El entendimiento contempla una suba salarial escalonada del 5,4%, a aplicarse de manera acumulativa: 1,9% en abril, 1,8% en mayo y 1,7% en junio. A esto se suman montos no remunerativos por $115.000, distribuidos en tres tramos: $35.000 en abril, $40.000 en mayo y $40.000 en junio. Esta última cuota pasará a formar parte del salario básico a partir de julio.
El ministro de Economía, Luis Caputo, expresó su desacuerdo con estos incrementos, ya que superan el tope del 1% mensual que el Ejecutivo pretende imponer como parámetro en las paritarias, con el objetivo de contener la inflación. En ese sentido, el jefe de Gabinete, Guillermo Francos, sostuvo que “si uno permite que el salario se vaya más allá de lo que se ha establecido como pauta o como tope, obviamente los precios aumentan y los que reclaman hoy por aumento del salario vuelven a pedirlo más adelante porque otra vez suben los precios”.
Desde el sindicato señalan que el rechazo oficial a convalidar los acuerdos impide que los sueldos se actualicen en línea con la inflación, que en marzo registró un 3,7%, superando los ajustes salariales pactados anteriormente.
A pesar de ese contexto, FAECYS subrayó que el acta firmada con las cámaras empresariales (CAC, CAME y UDECA) contempla una cláusula que habilita el pago de los aumentos, incluso sin homologación.
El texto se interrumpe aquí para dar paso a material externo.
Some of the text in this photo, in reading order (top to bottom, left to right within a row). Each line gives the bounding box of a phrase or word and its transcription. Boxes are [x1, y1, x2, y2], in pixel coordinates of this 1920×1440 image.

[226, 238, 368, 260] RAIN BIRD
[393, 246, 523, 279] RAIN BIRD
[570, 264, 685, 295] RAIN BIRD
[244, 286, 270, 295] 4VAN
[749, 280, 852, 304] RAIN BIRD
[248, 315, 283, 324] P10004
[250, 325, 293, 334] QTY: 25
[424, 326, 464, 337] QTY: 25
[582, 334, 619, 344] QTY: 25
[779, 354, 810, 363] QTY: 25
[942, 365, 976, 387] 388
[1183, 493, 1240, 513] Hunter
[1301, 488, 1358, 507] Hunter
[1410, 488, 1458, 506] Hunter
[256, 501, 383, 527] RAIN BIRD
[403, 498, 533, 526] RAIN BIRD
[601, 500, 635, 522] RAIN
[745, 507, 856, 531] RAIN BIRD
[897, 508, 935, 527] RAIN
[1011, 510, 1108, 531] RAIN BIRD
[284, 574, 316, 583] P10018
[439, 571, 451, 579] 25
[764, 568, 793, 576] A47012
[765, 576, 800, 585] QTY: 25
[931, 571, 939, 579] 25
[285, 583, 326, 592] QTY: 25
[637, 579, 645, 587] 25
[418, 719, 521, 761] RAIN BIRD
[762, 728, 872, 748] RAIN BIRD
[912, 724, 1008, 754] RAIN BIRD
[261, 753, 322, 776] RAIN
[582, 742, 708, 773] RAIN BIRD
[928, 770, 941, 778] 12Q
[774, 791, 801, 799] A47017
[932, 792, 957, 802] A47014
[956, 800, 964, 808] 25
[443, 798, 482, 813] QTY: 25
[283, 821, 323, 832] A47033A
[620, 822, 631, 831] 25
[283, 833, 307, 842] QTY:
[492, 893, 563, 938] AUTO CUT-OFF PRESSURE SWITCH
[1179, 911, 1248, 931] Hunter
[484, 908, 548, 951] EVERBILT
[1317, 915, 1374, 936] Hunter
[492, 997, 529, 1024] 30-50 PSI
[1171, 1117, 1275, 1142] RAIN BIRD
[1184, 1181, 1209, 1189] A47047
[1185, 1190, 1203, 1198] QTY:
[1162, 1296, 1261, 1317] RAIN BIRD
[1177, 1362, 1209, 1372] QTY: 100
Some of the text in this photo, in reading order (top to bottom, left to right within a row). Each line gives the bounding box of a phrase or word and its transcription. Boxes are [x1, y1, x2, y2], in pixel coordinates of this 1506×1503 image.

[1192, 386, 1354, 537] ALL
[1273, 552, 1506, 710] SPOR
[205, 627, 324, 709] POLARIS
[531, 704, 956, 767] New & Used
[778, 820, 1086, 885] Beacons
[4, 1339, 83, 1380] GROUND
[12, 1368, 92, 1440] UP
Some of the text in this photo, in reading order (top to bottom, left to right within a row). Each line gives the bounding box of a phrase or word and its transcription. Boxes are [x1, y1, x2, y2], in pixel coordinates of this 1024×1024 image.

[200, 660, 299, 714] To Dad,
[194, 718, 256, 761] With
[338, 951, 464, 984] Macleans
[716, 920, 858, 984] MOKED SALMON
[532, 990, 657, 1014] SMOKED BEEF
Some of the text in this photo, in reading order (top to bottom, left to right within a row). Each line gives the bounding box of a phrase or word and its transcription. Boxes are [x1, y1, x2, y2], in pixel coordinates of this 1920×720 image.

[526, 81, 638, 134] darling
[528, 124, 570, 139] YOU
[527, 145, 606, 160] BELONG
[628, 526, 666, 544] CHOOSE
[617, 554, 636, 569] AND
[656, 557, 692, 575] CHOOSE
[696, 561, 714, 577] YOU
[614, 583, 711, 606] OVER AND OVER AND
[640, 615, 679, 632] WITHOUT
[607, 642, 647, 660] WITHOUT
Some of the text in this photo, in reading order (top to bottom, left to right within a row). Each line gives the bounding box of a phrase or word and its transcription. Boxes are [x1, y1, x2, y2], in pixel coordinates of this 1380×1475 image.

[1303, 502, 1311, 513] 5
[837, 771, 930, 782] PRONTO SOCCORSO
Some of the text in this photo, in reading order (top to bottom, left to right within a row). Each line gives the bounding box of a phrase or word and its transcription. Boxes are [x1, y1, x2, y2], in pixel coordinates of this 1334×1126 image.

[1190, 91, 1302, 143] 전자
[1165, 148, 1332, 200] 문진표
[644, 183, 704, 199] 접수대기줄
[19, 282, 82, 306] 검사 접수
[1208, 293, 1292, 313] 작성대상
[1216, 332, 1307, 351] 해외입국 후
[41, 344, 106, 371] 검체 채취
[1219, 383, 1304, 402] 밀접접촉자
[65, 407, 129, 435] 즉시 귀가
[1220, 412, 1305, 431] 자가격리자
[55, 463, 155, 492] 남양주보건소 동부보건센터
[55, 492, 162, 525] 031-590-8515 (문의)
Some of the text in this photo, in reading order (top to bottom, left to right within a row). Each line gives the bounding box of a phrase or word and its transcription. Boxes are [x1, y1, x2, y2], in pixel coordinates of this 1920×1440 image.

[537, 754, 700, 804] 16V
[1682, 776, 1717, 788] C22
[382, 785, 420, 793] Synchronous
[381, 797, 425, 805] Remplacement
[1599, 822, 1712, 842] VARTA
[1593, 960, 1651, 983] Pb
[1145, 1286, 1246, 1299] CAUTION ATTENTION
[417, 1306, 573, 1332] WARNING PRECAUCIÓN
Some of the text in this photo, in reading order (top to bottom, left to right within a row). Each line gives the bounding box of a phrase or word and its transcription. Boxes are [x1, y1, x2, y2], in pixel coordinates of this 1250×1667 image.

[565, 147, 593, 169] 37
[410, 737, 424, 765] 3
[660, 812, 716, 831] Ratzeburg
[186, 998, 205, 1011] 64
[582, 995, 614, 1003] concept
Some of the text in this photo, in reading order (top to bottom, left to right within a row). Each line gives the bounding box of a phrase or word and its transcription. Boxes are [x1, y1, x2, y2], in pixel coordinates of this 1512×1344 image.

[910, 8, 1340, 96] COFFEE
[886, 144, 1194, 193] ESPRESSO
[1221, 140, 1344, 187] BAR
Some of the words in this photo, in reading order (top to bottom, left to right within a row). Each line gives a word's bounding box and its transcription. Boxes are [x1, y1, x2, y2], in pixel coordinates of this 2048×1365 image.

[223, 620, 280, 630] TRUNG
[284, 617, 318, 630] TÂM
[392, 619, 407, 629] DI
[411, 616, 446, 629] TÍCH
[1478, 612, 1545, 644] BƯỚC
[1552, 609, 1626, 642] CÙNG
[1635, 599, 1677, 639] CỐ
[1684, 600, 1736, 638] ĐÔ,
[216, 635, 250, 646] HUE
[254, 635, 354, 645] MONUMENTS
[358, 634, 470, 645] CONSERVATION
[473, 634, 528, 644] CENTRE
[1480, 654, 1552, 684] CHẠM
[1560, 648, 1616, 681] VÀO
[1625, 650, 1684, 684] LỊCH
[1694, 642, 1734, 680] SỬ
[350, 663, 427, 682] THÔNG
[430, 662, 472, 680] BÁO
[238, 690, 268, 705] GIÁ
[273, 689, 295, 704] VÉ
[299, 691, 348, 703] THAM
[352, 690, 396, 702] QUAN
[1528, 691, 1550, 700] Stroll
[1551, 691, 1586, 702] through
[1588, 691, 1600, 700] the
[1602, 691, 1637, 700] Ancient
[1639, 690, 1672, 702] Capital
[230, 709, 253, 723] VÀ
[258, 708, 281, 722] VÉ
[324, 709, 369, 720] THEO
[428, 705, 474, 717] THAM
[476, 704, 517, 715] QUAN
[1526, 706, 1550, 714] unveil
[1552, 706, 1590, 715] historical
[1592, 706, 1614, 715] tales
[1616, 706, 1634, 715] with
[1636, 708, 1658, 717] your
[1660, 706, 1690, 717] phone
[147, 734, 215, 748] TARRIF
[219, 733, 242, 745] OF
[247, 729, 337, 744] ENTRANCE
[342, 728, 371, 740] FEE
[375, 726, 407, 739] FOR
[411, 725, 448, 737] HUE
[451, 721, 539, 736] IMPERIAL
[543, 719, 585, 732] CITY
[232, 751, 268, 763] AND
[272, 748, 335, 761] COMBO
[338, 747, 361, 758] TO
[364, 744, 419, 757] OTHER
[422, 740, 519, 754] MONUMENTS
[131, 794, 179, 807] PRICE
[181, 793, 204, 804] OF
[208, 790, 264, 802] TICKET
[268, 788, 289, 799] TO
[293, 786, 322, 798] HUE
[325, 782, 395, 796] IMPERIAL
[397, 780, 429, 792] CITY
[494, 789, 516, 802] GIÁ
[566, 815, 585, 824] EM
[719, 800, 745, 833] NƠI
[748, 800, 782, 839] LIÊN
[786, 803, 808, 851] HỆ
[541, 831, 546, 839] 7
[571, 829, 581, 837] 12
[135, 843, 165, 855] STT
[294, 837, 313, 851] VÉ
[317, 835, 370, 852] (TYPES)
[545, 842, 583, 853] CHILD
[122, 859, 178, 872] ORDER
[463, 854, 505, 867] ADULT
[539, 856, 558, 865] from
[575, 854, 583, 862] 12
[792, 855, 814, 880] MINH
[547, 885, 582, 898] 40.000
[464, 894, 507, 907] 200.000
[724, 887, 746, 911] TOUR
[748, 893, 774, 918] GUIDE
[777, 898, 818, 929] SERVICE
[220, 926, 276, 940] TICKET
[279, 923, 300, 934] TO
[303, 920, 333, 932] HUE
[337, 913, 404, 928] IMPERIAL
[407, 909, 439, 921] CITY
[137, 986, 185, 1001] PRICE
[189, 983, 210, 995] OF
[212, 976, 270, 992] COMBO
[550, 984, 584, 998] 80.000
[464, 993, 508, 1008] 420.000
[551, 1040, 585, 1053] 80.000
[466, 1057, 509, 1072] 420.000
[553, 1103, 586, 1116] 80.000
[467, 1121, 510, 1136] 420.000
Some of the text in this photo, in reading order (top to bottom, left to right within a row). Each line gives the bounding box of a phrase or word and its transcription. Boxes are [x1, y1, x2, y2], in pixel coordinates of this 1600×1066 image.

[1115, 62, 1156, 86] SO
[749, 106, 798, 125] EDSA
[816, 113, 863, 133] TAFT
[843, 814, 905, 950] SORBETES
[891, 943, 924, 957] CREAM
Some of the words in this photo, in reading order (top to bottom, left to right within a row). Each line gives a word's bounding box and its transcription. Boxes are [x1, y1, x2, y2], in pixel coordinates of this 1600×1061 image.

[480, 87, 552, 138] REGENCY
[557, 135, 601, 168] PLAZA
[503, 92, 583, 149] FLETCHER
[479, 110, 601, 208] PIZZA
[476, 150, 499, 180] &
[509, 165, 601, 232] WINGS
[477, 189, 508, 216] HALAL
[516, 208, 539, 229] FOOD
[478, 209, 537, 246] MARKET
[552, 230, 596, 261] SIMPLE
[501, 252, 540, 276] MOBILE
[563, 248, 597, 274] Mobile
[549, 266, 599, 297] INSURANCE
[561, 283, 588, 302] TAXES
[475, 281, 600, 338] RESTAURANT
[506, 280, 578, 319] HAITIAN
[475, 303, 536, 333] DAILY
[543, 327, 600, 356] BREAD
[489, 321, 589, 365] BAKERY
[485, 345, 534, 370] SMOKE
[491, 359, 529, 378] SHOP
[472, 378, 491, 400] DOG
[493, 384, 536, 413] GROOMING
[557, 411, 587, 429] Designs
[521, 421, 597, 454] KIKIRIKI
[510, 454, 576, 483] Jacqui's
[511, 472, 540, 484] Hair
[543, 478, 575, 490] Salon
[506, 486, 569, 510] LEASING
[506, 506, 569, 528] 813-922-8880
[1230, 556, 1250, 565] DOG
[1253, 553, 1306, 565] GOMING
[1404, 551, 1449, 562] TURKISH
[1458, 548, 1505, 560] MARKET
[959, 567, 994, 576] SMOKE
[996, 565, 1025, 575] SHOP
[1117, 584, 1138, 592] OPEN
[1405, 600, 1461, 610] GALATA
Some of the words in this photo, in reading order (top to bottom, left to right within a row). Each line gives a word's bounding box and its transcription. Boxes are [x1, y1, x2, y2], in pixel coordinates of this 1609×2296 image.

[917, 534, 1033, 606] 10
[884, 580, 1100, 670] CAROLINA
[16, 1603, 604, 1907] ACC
En ese marco, las empresas podrán abonar los montos bajo el concepto “pago anticipado a cuenta del Acuerdo Colectivo Abril 2025”, lo cual luego será regularizado cuando el acuerdo reciba el aval correspondiente.
Como resultado de esta paritaria, el salario básico con presentismo alcanzará los $1.123.000 desde mayo, cifra que se reflejará en los haberes a cobrar en junio.
Que las empresas decidan avanzar con el pago del aumento, pese a la falta de validación administrativa, se interpreta como un gesto de respaldo al gremio y una señal de compromiso con sus trabajadores, en un escenario económico inestable.